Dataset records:
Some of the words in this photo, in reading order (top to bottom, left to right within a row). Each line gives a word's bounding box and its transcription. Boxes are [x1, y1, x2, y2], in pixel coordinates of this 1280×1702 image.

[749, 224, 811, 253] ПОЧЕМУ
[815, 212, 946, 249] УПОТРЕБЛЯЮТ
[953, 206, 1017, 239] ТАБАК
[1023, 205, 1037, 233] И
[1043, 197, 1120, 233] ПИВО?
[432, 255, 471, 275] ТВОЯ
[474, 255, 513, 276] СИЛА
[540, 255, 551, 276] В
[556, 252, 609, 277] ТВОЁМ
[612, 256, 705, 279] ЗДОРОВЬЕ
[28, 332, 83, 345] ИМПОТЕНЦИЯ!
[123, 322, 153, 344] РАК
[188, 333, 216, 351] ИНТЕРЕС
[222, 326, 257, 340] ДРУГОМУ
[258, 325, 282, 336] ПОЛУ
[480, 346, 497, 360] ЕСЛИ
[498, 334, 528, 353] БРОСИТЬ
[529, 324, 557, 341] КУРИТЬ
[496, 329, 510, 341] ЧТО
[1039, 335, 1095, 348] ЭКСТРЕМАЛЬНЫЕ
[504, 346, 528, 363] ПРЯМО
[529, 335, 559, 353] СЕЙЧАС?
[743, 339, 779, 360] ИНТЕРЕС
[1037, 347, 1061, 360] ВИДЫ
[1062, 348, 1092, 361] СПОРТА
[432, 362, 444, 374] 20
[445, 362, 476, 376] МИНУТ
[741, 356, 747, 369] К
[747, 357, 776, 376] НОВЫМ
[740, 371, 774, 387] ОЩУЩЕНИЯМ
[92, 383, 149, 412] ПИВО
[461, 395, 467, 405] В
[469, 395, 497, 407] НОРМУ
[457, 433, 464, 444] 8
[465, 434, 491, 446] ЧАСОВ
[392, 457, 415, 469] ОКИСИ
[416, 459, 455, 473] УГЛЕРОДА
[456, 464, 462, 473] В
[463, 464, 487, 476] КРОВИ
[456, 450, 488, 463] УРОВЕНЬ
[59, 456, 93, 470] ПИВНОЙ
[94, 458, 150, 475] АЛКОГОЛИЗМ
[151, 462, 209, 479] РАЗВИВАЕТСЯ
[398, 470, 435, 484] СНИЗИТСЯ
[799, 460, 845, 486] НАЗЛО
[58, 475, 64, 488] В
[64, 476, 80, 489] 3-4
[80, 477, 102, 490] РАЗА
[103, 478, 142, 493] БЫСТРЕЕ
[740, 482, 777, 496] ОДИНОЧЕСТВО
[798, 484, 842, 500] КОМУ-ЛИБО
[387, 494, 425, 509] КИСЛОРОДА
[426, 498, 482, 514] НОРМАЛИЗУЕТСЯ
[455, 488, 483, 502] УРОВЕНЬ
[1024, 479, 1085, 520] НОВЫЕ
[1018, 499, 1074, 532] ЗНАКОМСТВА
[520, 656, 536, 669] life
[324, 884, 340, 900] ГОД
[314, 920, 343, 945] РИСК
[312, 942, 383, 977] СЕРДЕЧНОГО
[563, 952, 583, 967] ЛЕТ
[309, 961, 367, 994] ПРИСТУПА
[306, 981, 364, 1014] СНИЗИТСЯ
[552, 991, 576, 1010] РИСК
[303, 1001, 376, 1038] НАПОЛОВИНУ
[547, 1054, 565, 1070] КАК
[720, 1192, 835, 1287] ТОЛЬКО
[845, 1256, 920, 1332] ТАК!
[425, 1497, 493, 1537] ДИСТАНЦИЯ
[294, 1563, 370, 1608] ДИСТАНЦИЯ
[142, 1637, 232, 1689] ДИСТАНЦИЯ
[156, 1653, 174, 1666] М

#### Work to be completed:
Every line above needs to be repeated exactly as shown.

#### Your response:
Some of the words in this photo, in reading order (top to bottom, left to right within a row). Each line gives a word's bounding box and its transcription. Boxes are [x1, y1, x2, y2], in pixel coordinates of this 1280×1702 image.

[749, 224, 811, 253] ПОЧЕМУ
[815, 212, 946, 249] УПОТРЕБЛЯЮТ
[953, 206, 1017, 239] ТАБАК
[1023, 205, 1037, 233] И
[1043, 197, 1120, 233] ПИВО?
[432, 255, 471, 275] ТВОЯ
[474, 255, 513, 276] СИЛА
[540, 255, 551, 276] В
[556, 252, 609, 277] ТВОЁМ
[612, 256, 705, 279] ЗДОРОВЬЕ
[28, 332, 83, 345] ИМПОТЕНЦИЯ!
[123, 322, 153, 344] РАК
[188, 333, 216, 351] ИНТЕРЕС
[222, 326, 257, 340] ДРУГОМУ
[258, 325, 282, 336] ПОЛУ
[480, 346, 497, 360] ЕСЛИ
[498, 334, 528, 353] БРОСИТЬ
[529, 324, 557, 341] КУРИТЬ
[496, 329, 510, 341] ЧТО
[1039, 335, 1095, 348] ЭКСТРЕМАЛЬНЫЕ
[504, 346, 528, 363] ПРЯМО
[529, 335, 559, 353] СЕЙЧАС?
[743, 339, 779, 360] ИНТЕРЕС
[1037, 347, 1061, 360] ВИДЫ
[1062, 348, 1092, 361] СПОРТА
[432, 362, 444, 374] 20
[445, 362, 476, 376] МИНУТ
[741, 356, 747, 369] К
[747, 357, 776, 376] НОВЫМ
[740, 371, 774, 387] ОЩУЩЕНИЯМ
[92, 383, 149, 412] ПИВО
[461, 395, 467, 405] В
[469, 395, 497, 407] НОРМУ
[457, 433, 464, 444] 8
[465, 434, 491, 446] ЧАСОВ
[392, 457, 415, 469] ОКИСИ
[416, 459, 455, 473] УГЛЕРОДА
[456, 464, 462, 473] В
[463, 464, 487, 476] КРОВИ
[456, 450, 488, 463] УРОВЕНЬ
[59, 456, 93, 470] ПИВНОЙ
[94, 458, 150, 475] АЛКОГОЛИЗМ
[151, 462, 209, 479] РАЗВИВАЕТСЯ
[398, 470, 435, 484] СНИЗИТСЯ
[799, 460, 845, 486] НАЗЛО
[58, 475, 64, 488] В
[64, 476, 80, 489] 3-4
[80, 477, 102, 490] РАЗА
[103, 478, 142, 493] БЫСТРЕЕ
[740, 482, 777, 496] ОДИНОЧЕСТВО
[798, 484, 842, 500] КОМУ-ЛИБО
[387, 494, 425, 509] КИСЛОРОДА
[426, 498, 482, 514] НОРМАЛИЗУЕТСЯ
[455, 488, 483, 502] УРОВЕНЬ
[1024, 479, 1085, 520] НОВЫЕ
[1018, 499, 1074, 532] ЗНАКОМСТВА
[520, 656, 536, 669] life
[324, 884, 340, 900] ГОД
[314, 920, 343, 945] РИСК
[312, 942, 383, 977] СЕРДЕЧНОГО
[563, 952, 583, 967] ЛЕТ
[309, 961, 367, 994] ПРИСТУПА
[306, 981, 364, 1014] СНИЗИТСЯ
[552, 991, 576, 1010] РИСК
[303, 1001, 376, 1038] НАПОЛОВИНУ
[547, 1054, 565, 1070] КАК
[720, 1192, 835, 1287] ТОЛЬКО
[845, 1256, 920, 1332] ТАК!
[425, 1497, 493, 1537] ДИСТАНЦИЯ
[294, 1563, 370, 1608] ДИСТАНЦИЯ
[142, 1637, 232, 1689] ДИСТАНЦИЯ
[156, 1653, 174, 1666] М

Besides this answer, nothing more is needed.